**Task objective**
Every entry below should be reproduced exactly, with all pictures left out.

(Collected data)
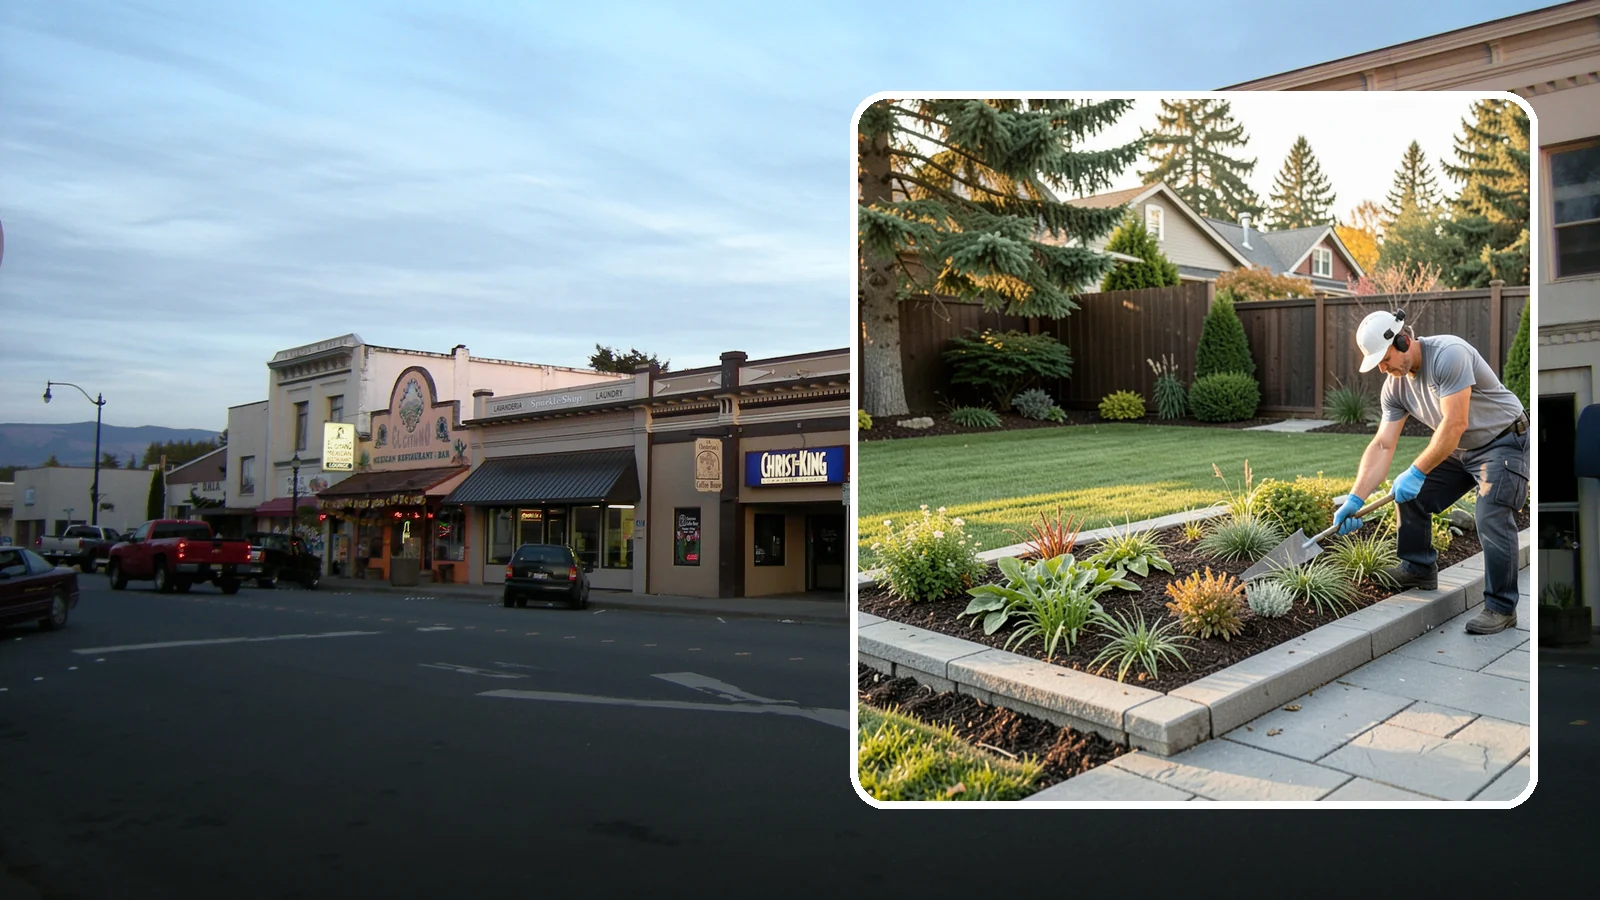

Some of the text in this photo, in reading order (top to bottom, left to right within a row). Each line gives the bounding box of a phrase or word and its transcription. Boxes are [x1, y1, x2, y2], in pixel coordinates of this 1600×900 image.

[493, 402, 523, 413] LAVANDERIA
[562, 394, 583, 405] Shop
[595, 388, 624, 400] LAUNDRY
[373, 454, 397, 465] MEXICAN
[397, 451, 433, 463] RESTAURANT
[438, 450, 450, 460] BAR
[760, 451, 798, 478] CHRIST
[799, 450, 828, 477] KING
[696, 481, 709, 489] Coffee

**Solution below**
Some of the text in this photo, in reading order (top to bottom, left to right within a row). Each line gives the bounding box of a phrase or word and its transcription. Boxes are [x1, y1, x2, y2], in pixel coordinates of this 1600×900 image.

[493, 402, 523, 413] LAVANDERIA
[562, 394, 583, 405] Shop
[595, 388, 624, 400] LAUNDRY
[373, 454, 397, 465] MEXICAN
[397, 451, 433, 463] RESTAURANT
[438, 450, 450, 460] BAR
[760, 451, 798, 478] CHRIST
[799, 450, 828, 477] KING
[696, 481, 709, 489] Coffee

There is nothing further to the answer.